### [Work task]
Copy every entry below exactly, and keep out the pictures.

### [Stored entries]
⁂

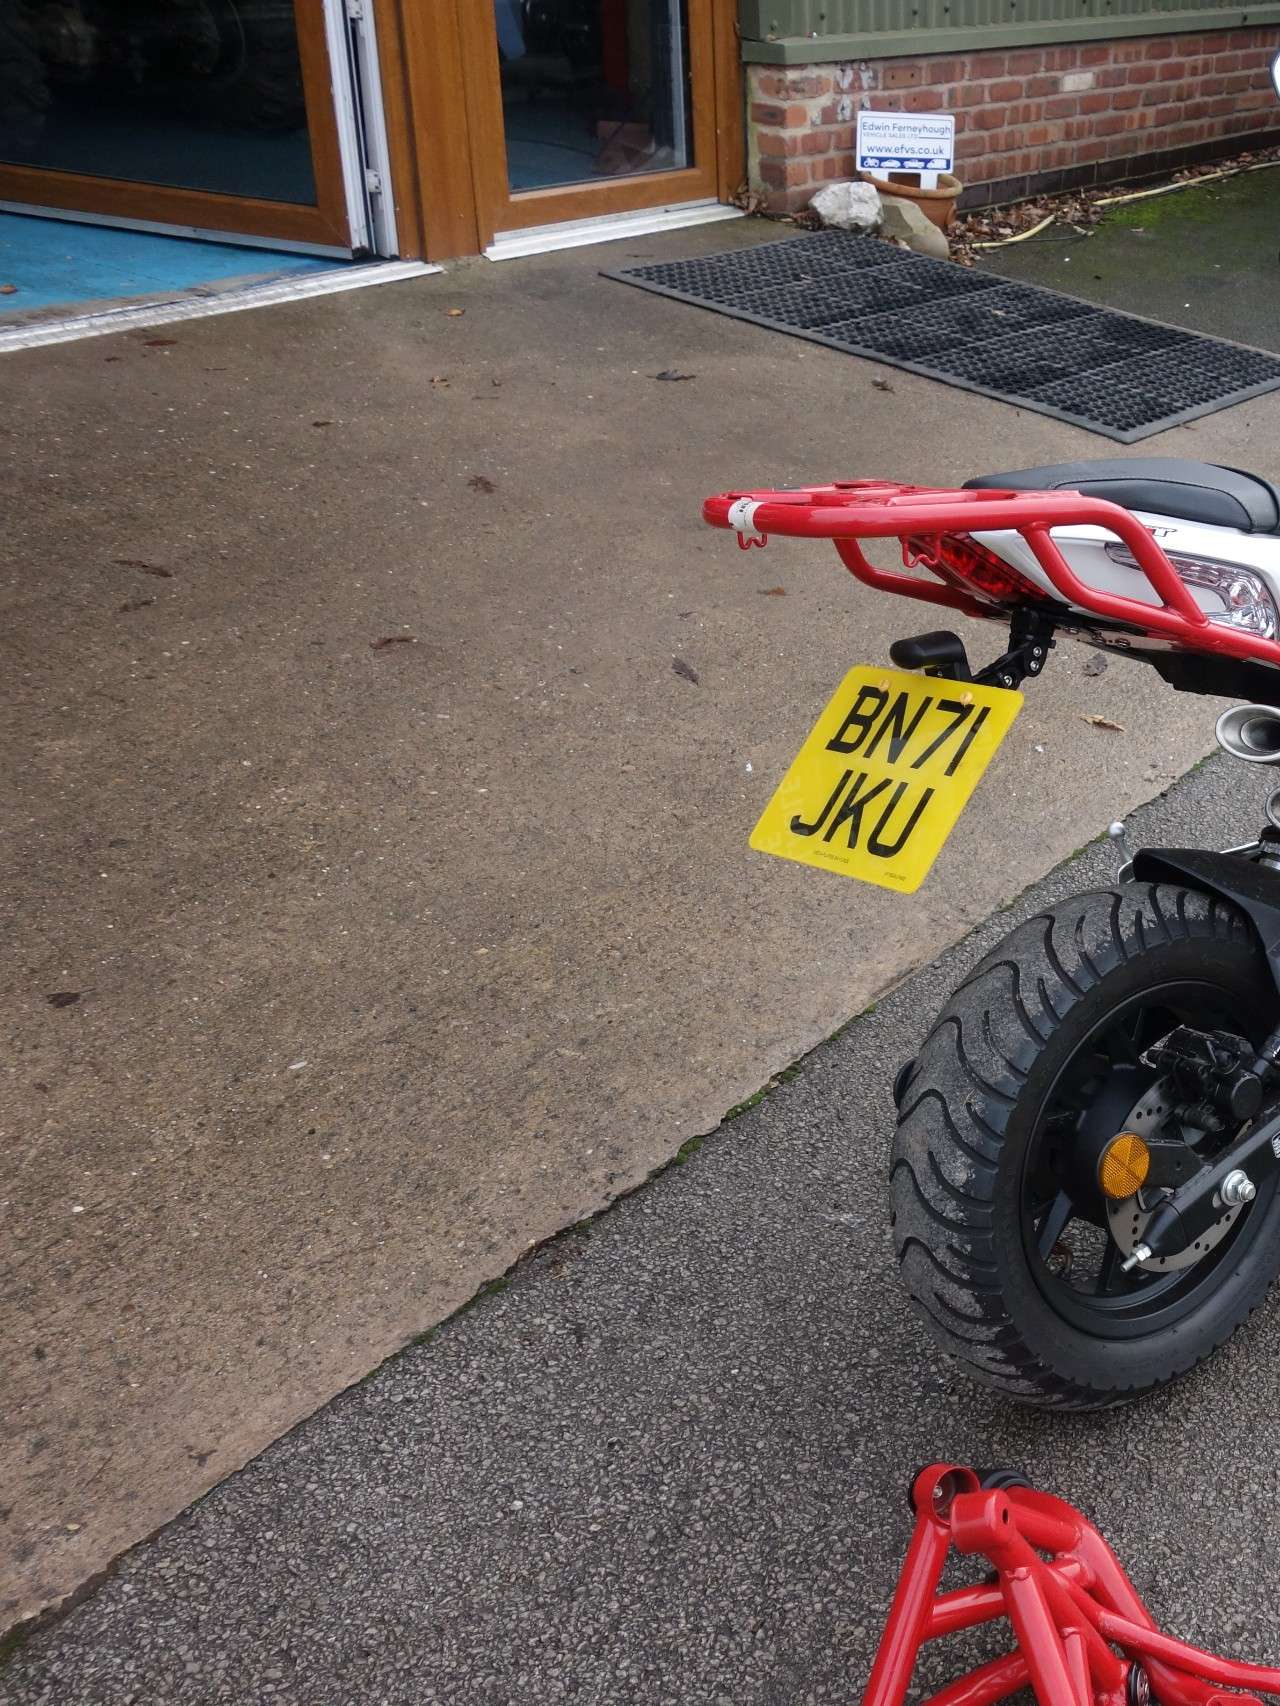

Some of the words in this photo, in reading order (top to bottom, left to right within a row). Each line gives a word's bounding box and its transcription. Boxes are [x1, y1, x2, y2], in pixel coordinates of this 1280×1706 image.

[862, 121, 890, 131] Edwin
[892, 123, 951, 135] Ferneyhough
[866, 143, 944, 155] www.efvs.co.uk
[825, 684, 991, 777] BN71
[789, 769, 935, 858] JKU

⁂

### [Task solution]
Some of the words in this photo, in reading order (top to bottom, left to right within a row). Each line gives a word's bounding box and its transcription. Boxes are [x1, y1, x2, y2], in pixel coordinates of this 1280×1706 image.

[862, 121, 890, 131] Edwin
[892, 123, 951, 135] Ferneyhough
[866, 143, 944, 155] www.efvs.co.uk
[825, 684, 991, 777] BN71
[789, 769, 935, 858] JKU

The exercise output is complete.